- Task details: Transcribe the lines of the records starting with the one that has "Some of the words" in it and ending with the last, and transcribe nothing else.

- Available data:
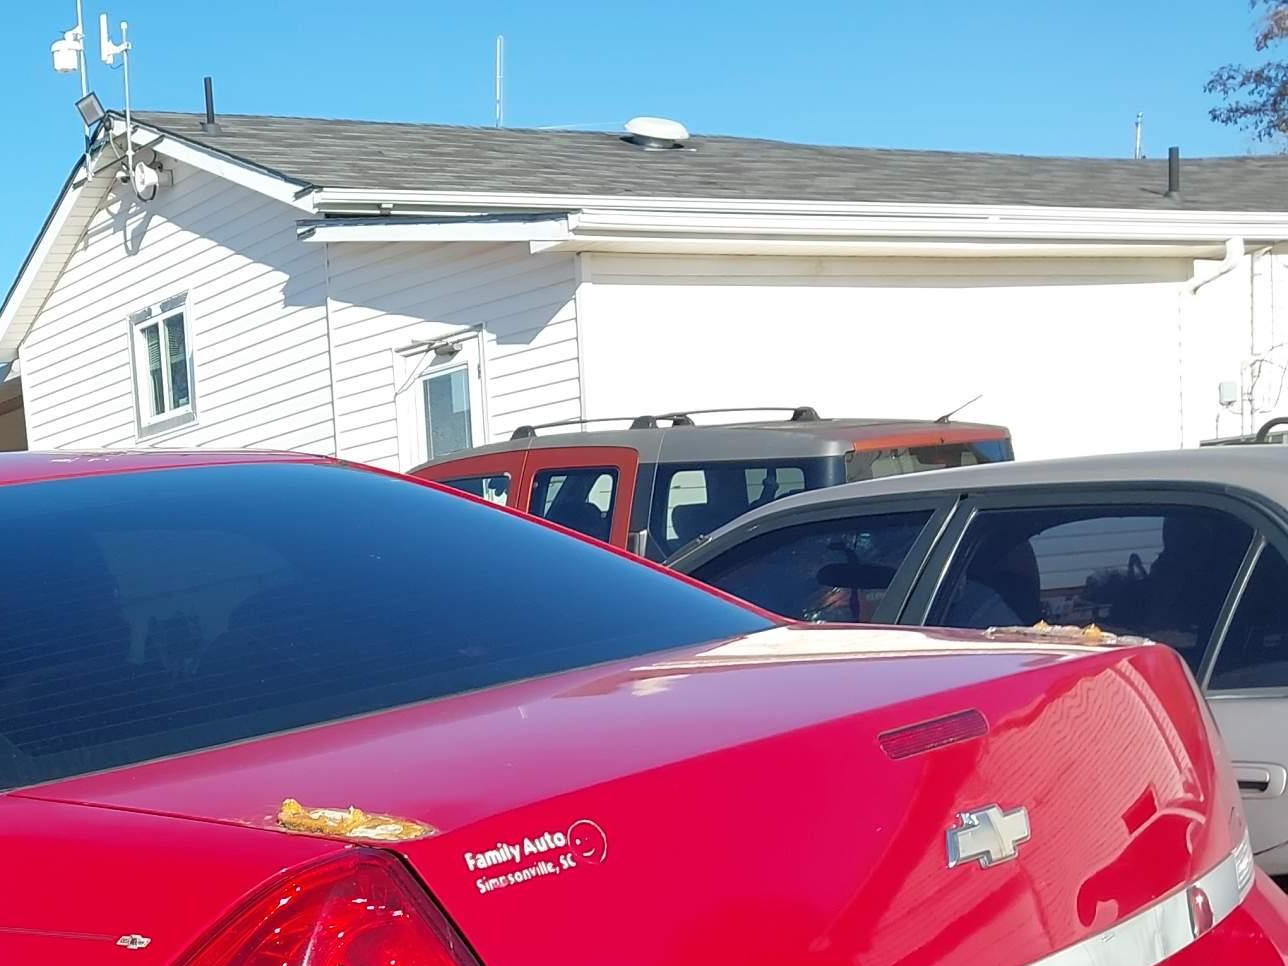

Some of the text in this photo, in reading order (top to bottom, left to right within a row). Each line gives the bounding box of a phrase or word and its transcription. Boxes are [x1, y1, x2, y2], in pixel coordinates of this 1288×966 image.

[464, 831, 566, 871] Family Auto
[559, 853, 577, 870] SC
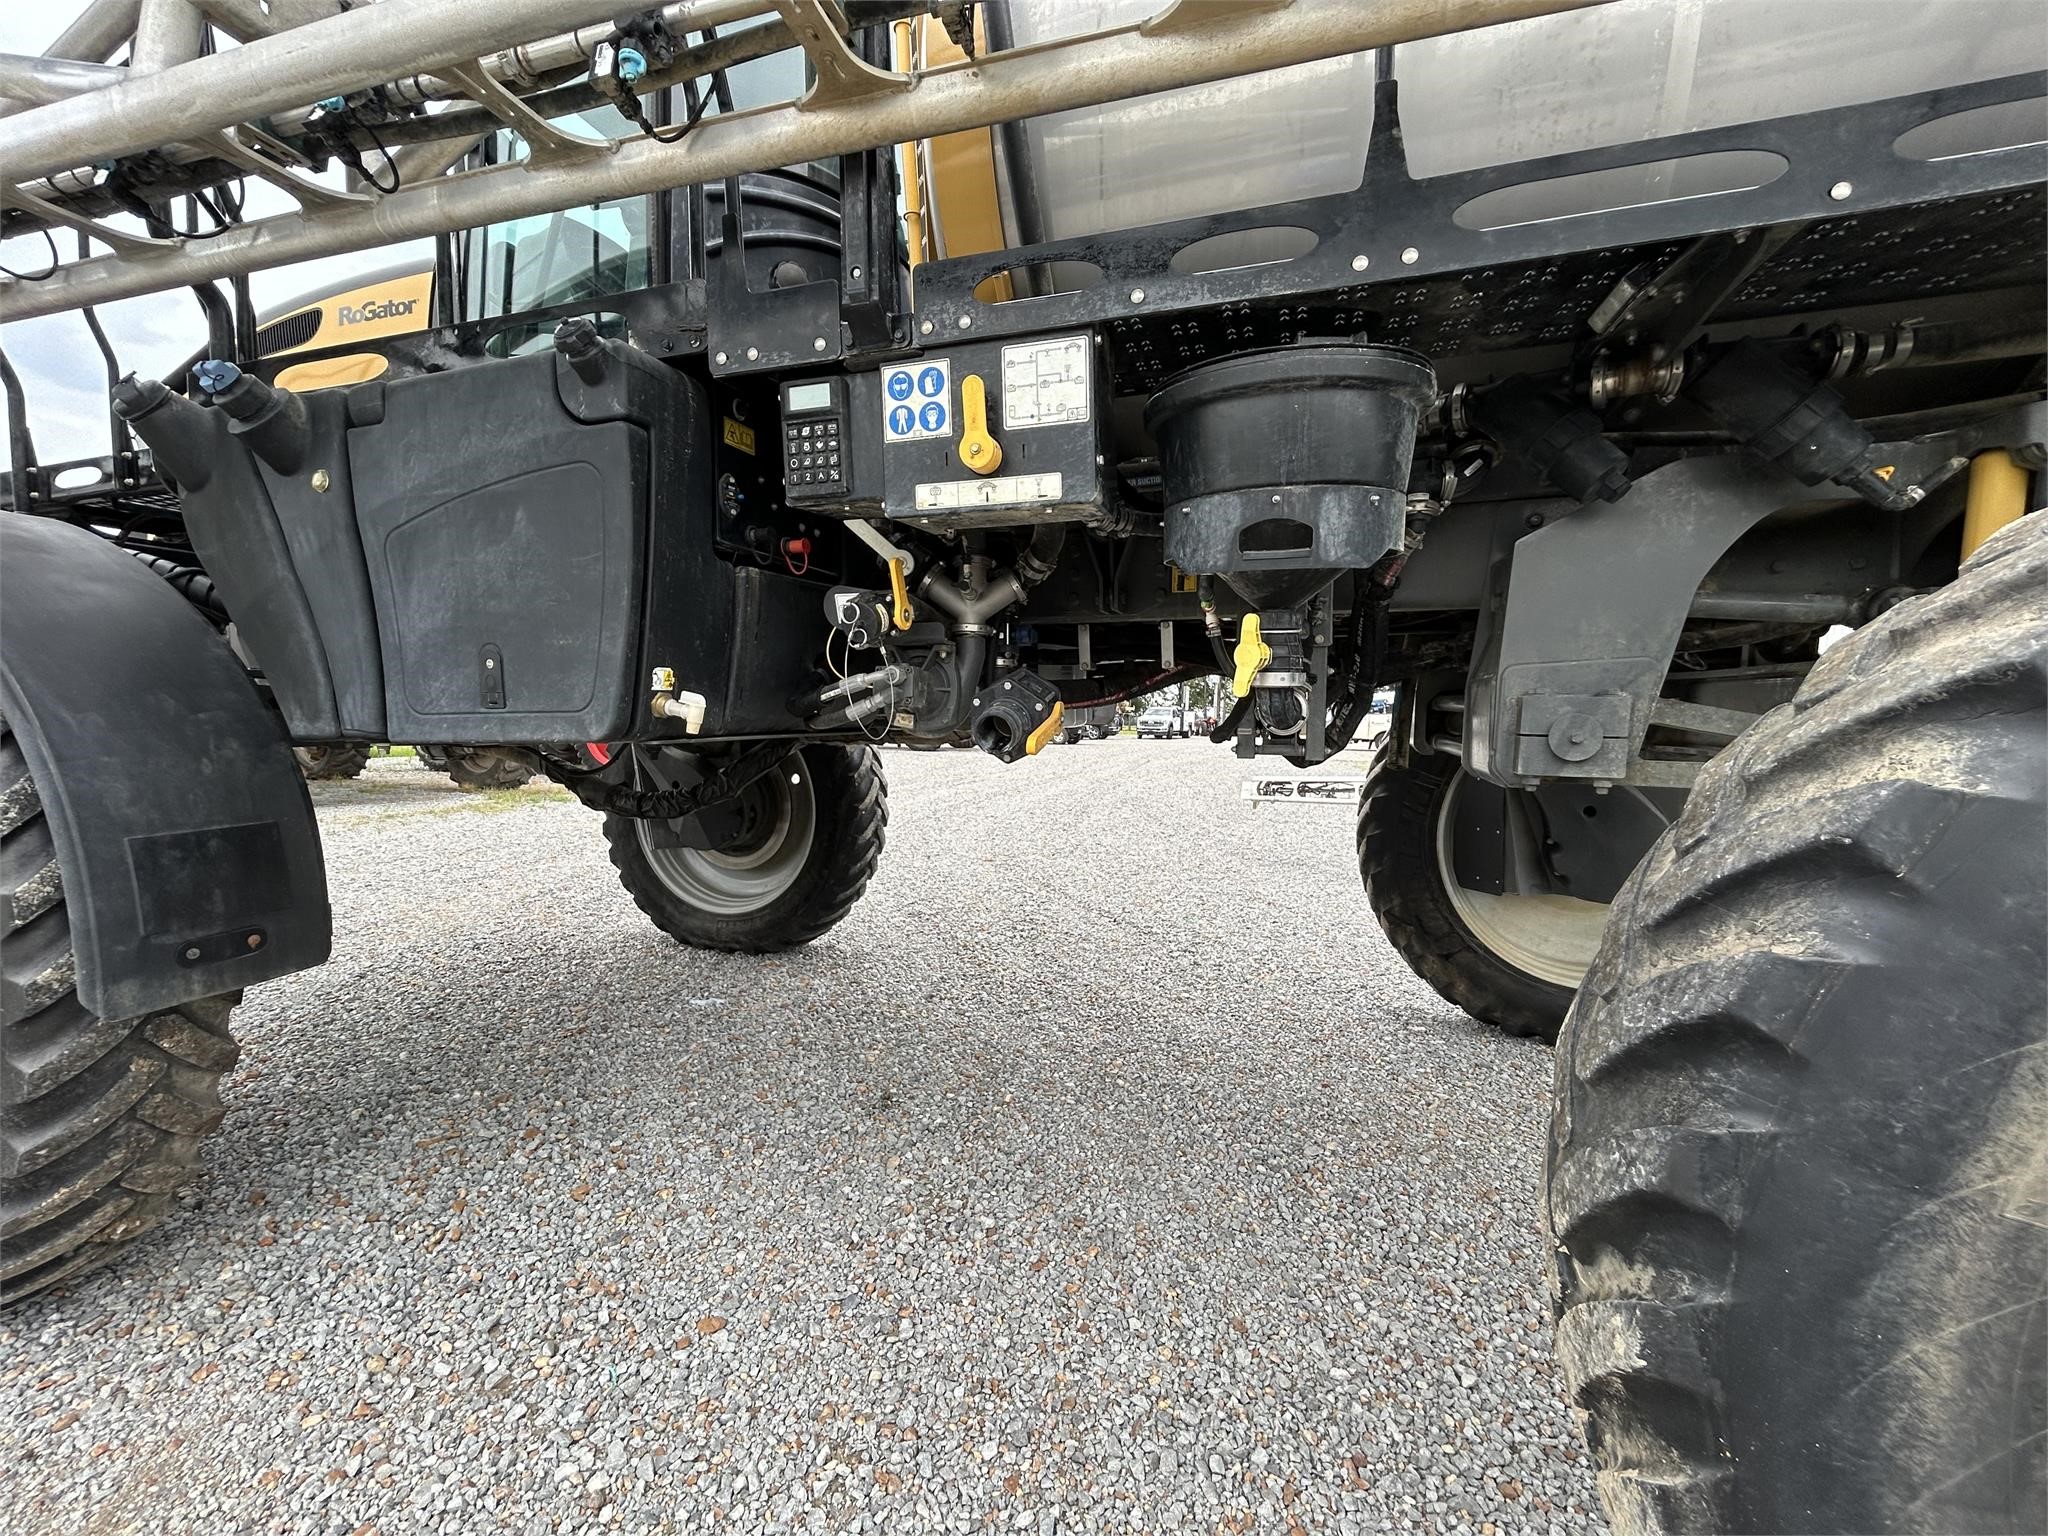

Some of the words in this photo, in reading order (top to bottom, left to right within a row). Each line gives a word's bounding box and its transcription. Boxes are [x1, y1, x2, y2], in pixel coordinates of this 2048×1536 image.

[338, 299, 418, 326] RoGator
[805, 473, 811, 481] 2
[818, 471, 824, 480] A
[1136, 475, 1162, 486] SUCTIO

- Your response:
Some of the words in this photo, in reading order (top to bottom, left to right within a row). Each line gives a word's bounding box and its transcription. Boxes are [x1, y1, x2, y2], in pixel coordinates of this 2048×1536 image.

[338, 299, 418, 326] RoGator
[805, 473, 811, 481] 2
[818, 471, 824, 480] A
[1136, 475, 1162, 486] SUCTIO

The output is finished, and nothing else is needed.